<<<<

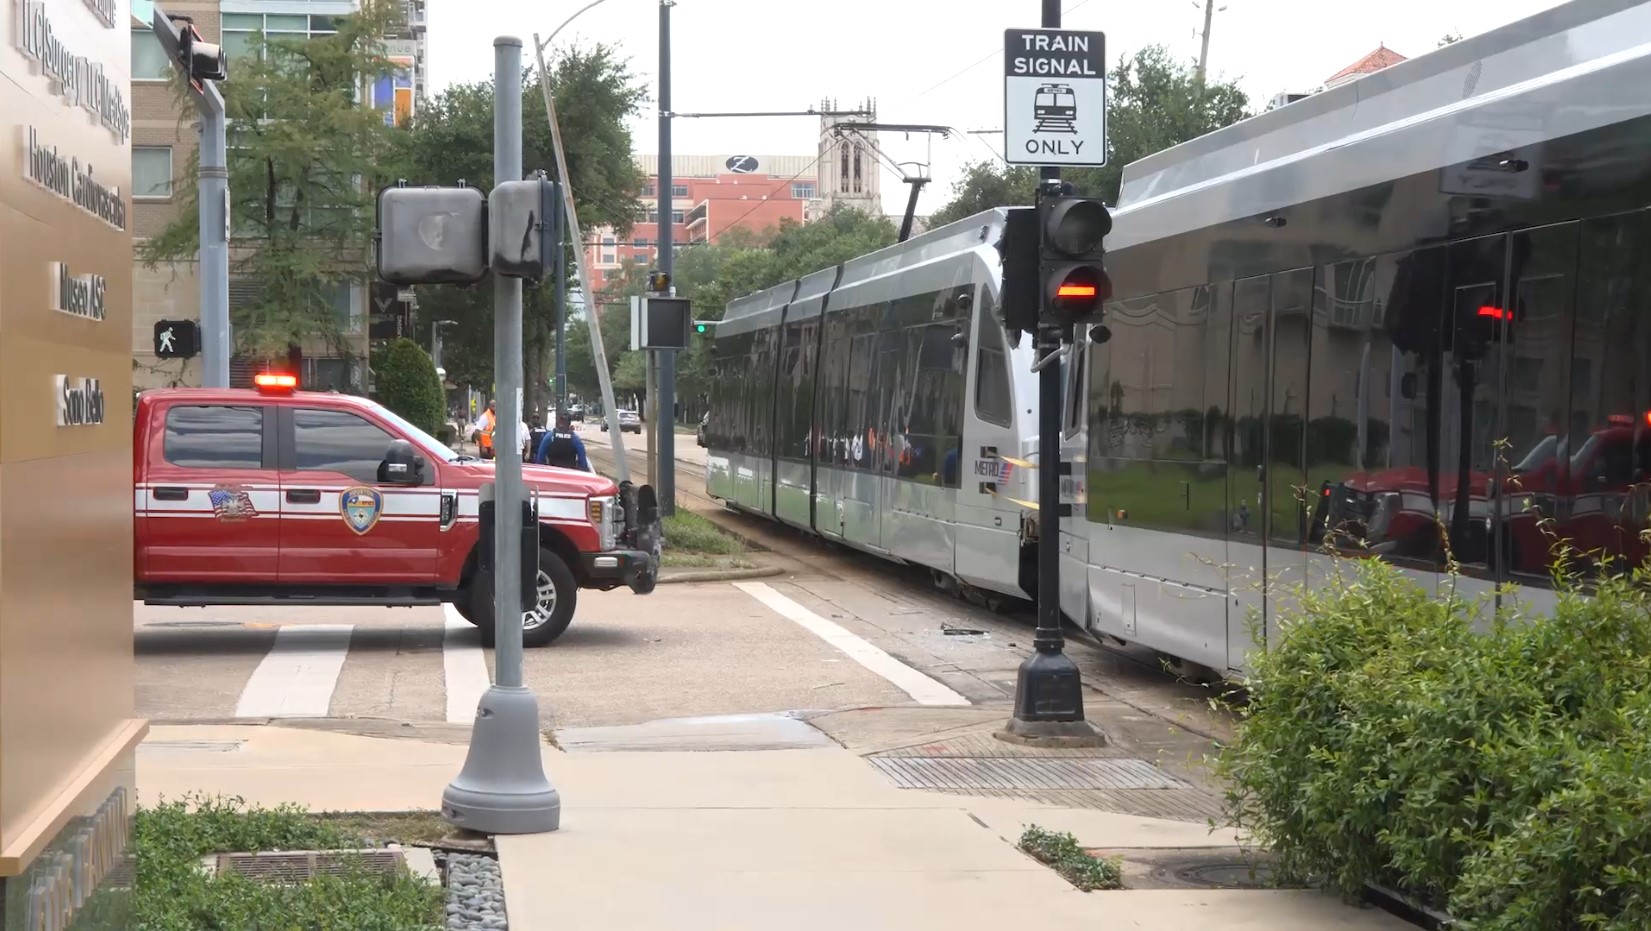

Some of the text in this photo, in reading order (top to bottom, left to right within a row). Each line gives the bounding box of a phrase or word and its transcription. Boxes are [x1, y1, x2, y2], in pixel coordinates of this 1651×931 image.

[1021, 34, 1088, 52] TRAIN
[1013, 57, 1096, 75] SIGNAL
[1025, 139, 1084, 155] ONLY
[29, 124, 69, 198] Houston
[59, 261, 106, 321] Museo ASC
[63, 375, 84, 426] Sono
[974, 460, 999, 477] METRO
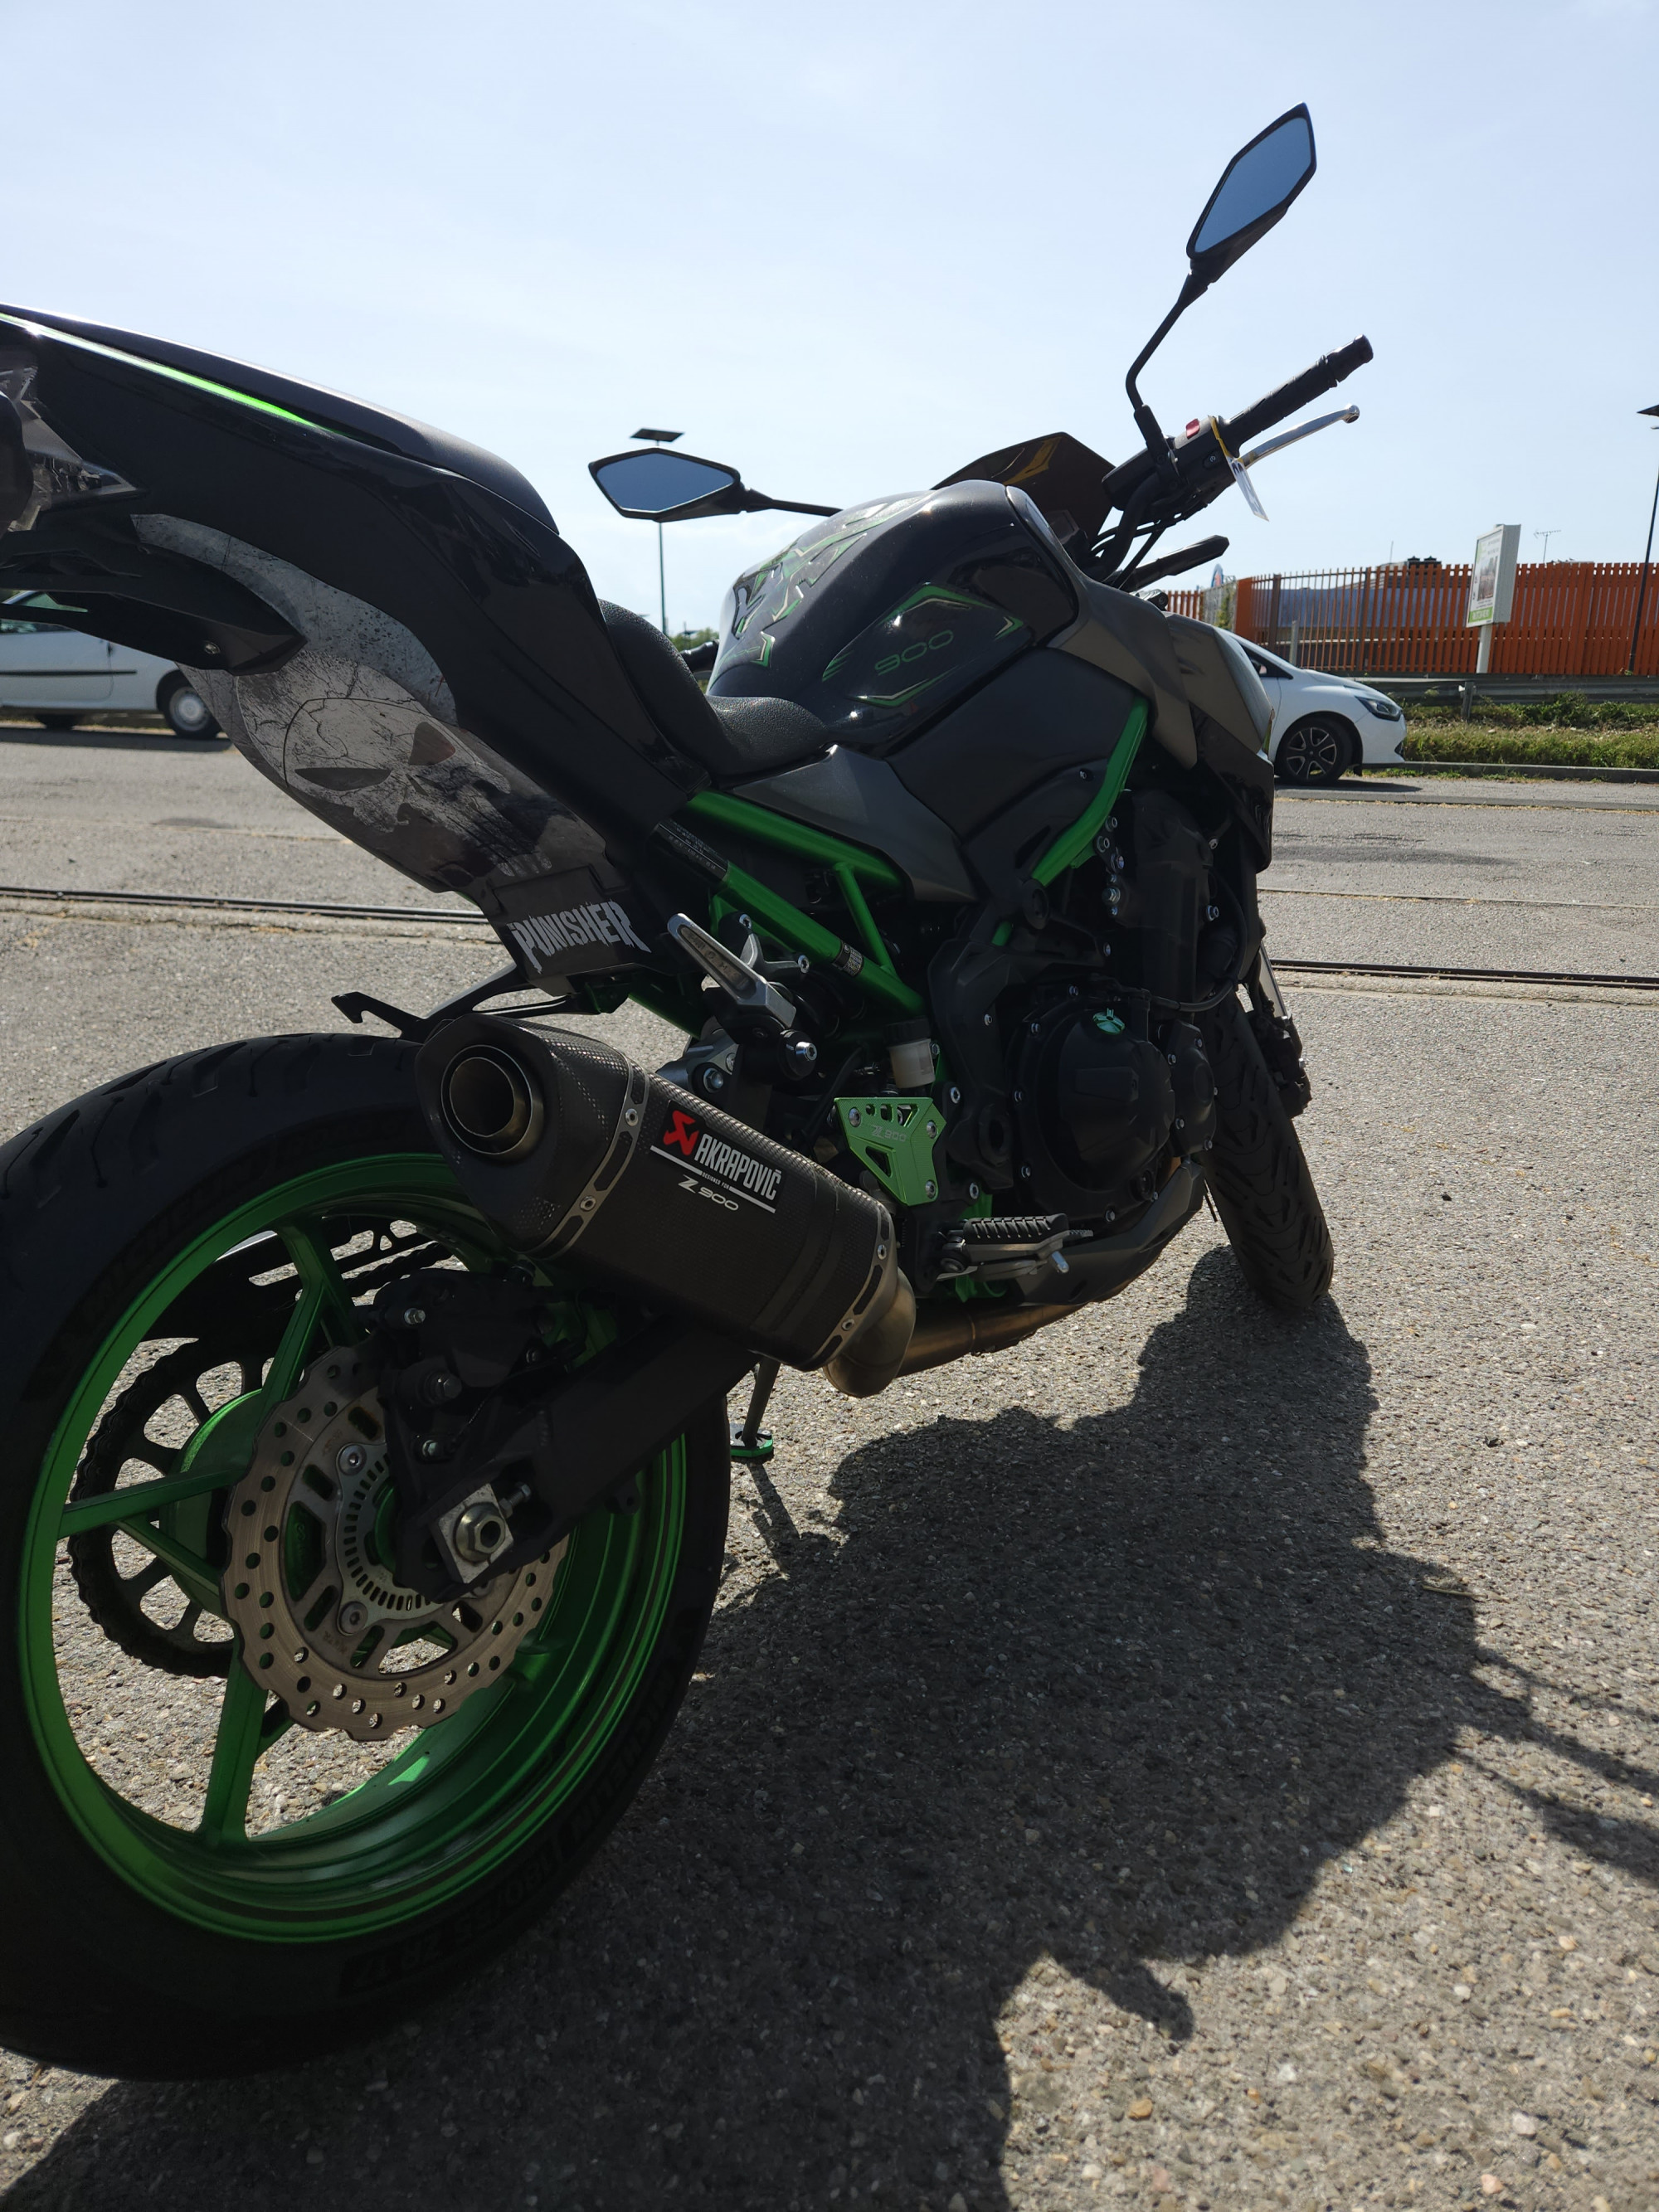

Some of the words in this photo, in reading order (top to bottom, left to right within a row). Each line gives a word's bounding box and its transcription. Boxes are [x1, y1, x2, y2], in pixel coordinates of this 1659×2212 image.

>>>>

_What you should do:_ Write the listing out in full, exactly; no images.

_Exercise answer:_
Some of the text in this photo, in reading order (top to bottom, left to right within a row). Each line gives the bounding box of a phrase or word and its transcription. Boxes are [x1, y1, x2, y2], in pixel coordinates of this 1651×931 image.

[1021, 34, 1088, 52] TRAIN
[1013, 57, 1096, 75] SIGNAL
[1025, 139, 1084, 155] ONLY
[29, 124, 69, 198] Houston
[59, 261, 106, 321] Museo ASC
[63, 375, 84, 426] Sono
[974, 460, 999, 477] METRO

Some of the words in this photo, in reading order (top to bottom, left to right within a row). Each line gives a word's bounding box and its transcription. Boxes are [x1, y1, x2, y2], in pixel coordinates of this 1659×2212 image.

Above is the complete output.